Kerry Trautman

Dormancy

I felt sorry for middle-school nuns at blackboards,
draped black as if mourning labia’s premature
burial. I couldn’t imagine giving up
on the quest for flesh before unfolding the map.
What happens to unstimulated nerves?
Uneaten food ferments itself. At forty-five
my body is the powder-blue bowl of a filled-in
swimming pool. Does the kitchen
of a demolished house savor the last
meal that steams it up? What happens
to a prayer bubble-whispered under chlorinated
water? Shuttered restaurants leave their
final menus online like wedding photos.
What happens to unstimulated taste buds?
Maybe the nuns were right—learning
to eat what little was on their plate. Buried treasure
still shines in its wooden crate like new trees
napping inside stone fruit. What happens
to all the water pumped from all
the Ohio September swimming pools?
At forty-six, I still can’t fold the Ohio map
back to my glovebox the way it was. Plant
peaches in my new soil, with their unchlorinated
juice. I’ll flavor myself without being tasted.

 


Ohio born and raised, Kerry Trautman’s work has appeared in numerous journals and anthologies.
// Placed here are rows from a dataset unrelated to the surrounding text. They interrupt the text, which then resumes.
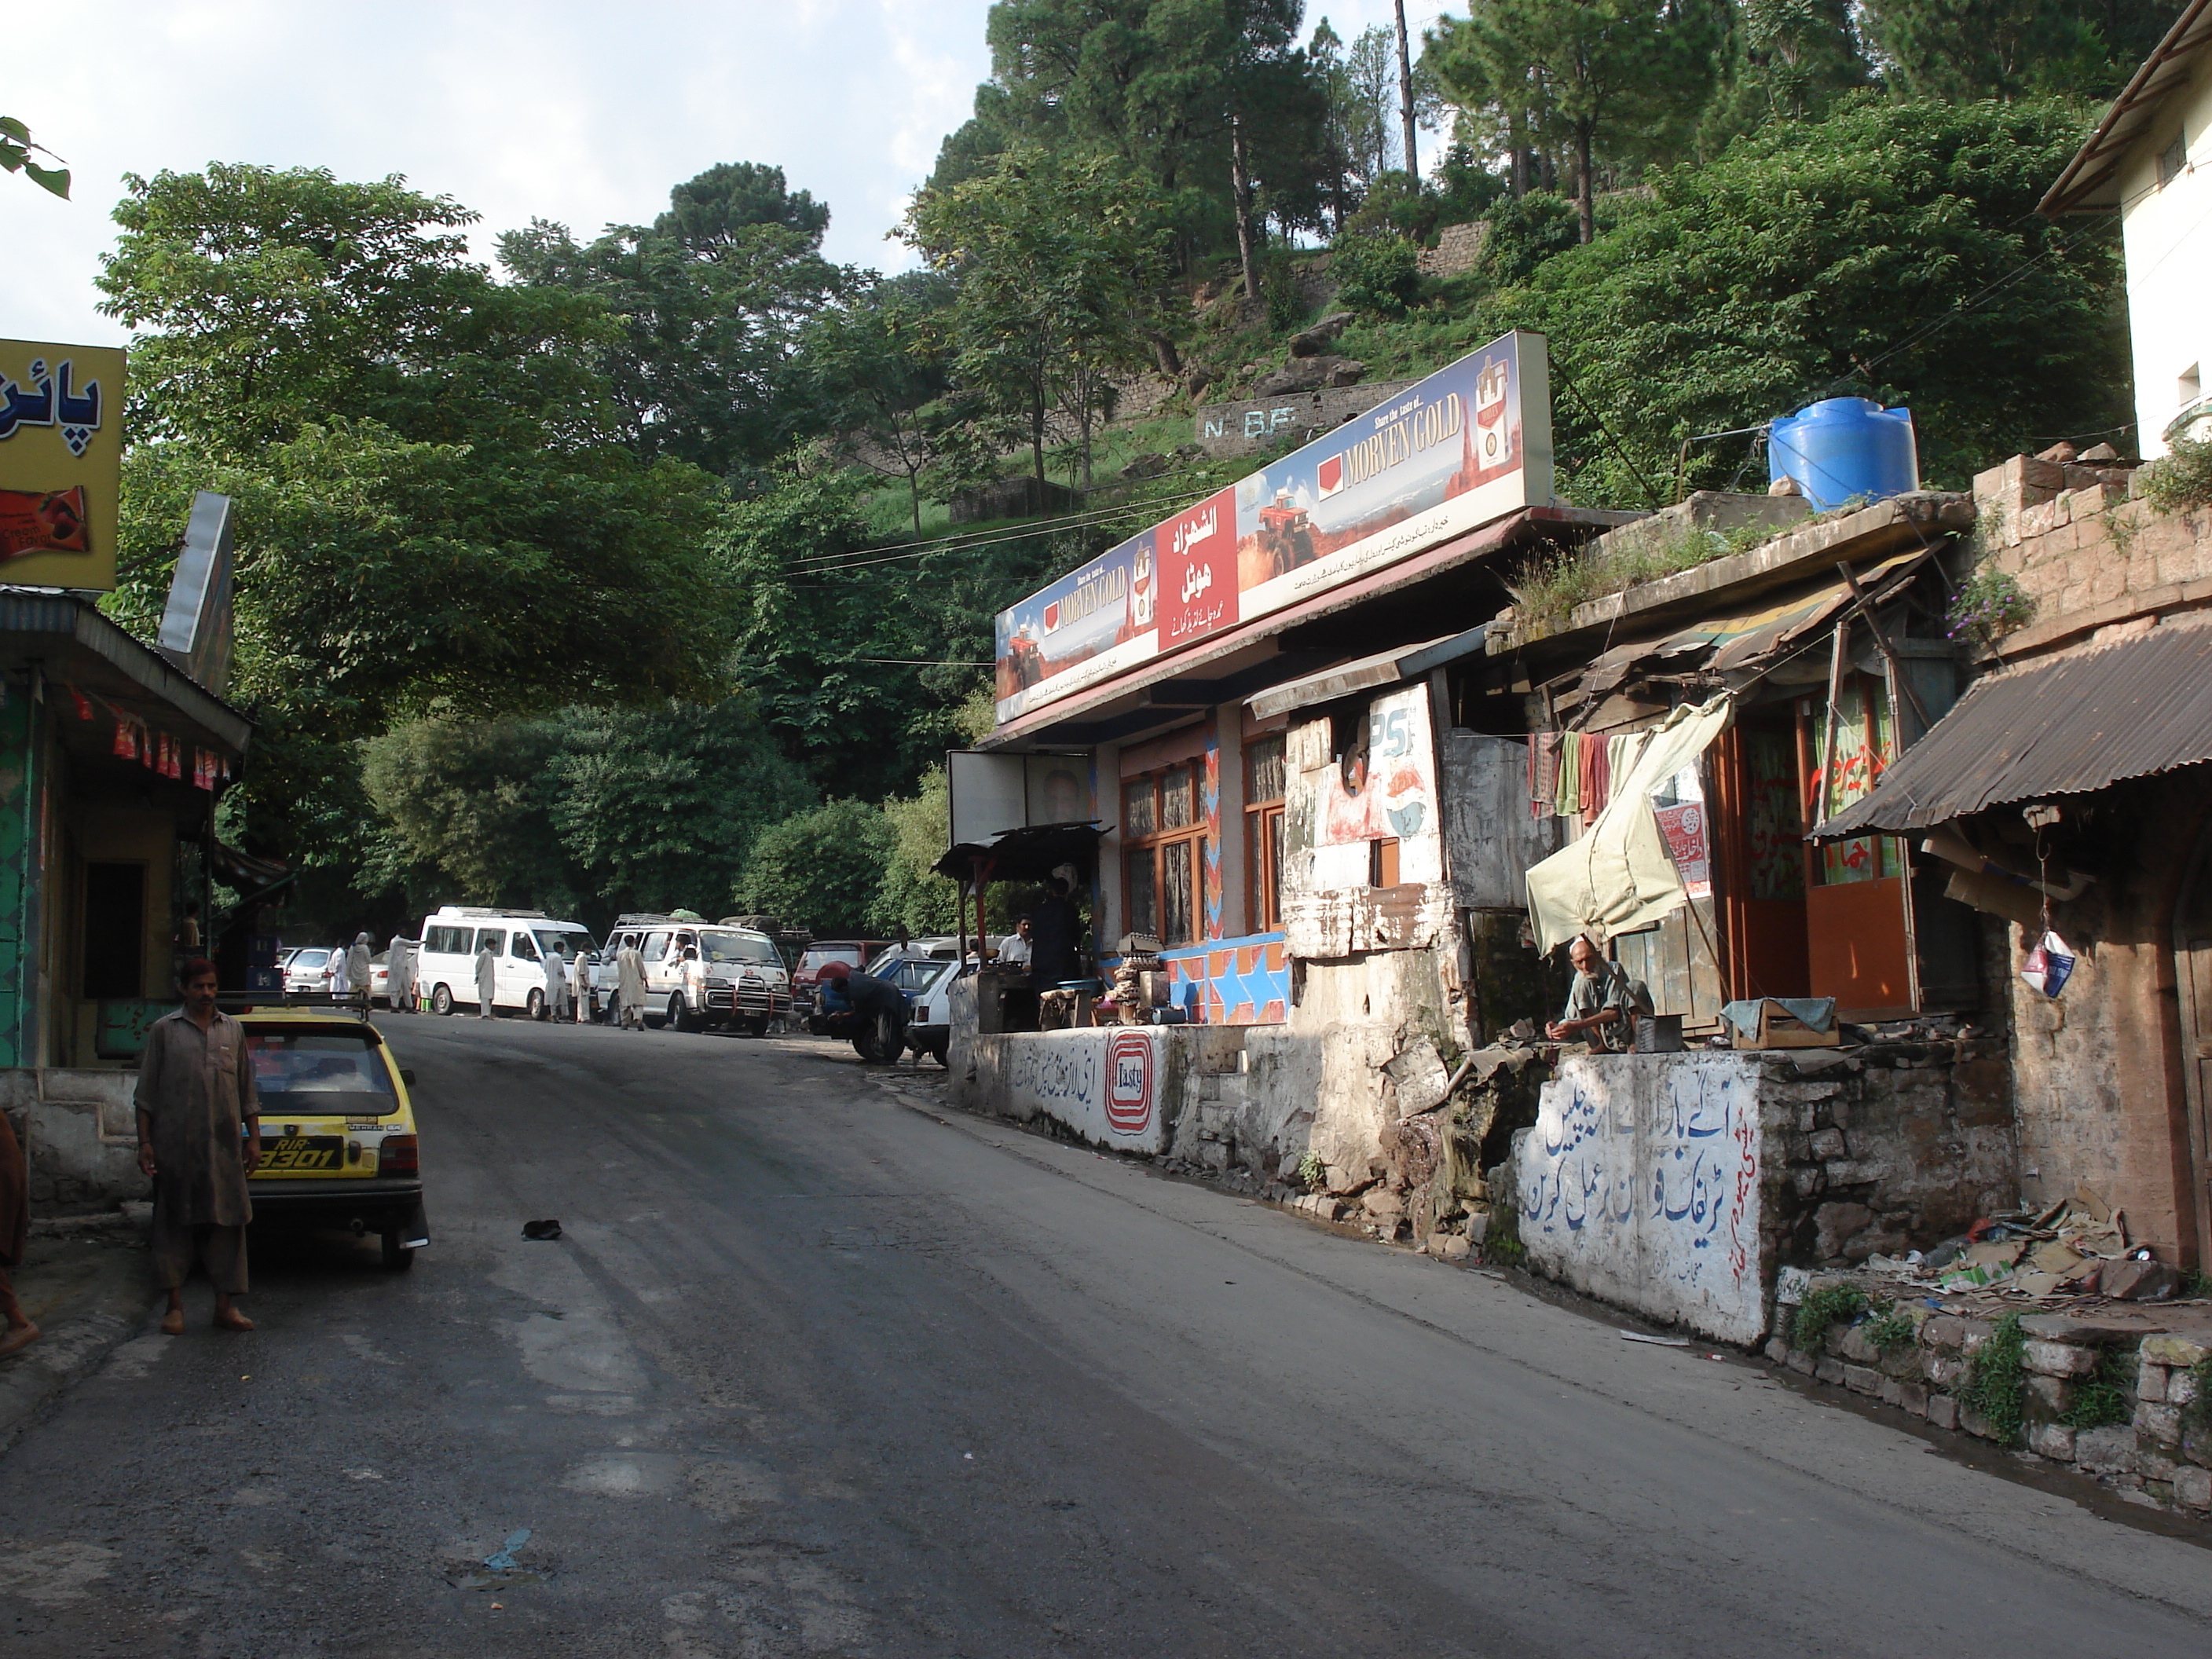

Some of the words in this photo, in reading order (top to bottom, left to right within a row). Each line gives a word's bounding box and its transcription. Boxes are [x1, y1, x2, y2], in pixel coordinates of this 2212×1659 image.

[1346, 417, 1411, 489] MORVEN
[1414, 393, 1460, 452] GOLD
[1060, 580, 1097, 628] MORVEN
[1100, 566, 1126, 607] GOLD
[1119, 1062, 1142, 1093] Tasty
[273, 1139, 309, 1150] RIR
Her books are Things That Come in Boxes (King Craft Press 2012,) To Have Hoped (Finishing Line Press 2015), Artifacts(Nightballet Press 2017,) To be Nonchalantly Alive (Kelsey Books 2020,) Marilyn: Self-Portrait, Oil on Canvas(Gutter Snob Books 2022,) Unknowable Things (Roadside Press 2023), and Irregulars (Stanchion Books 2023.)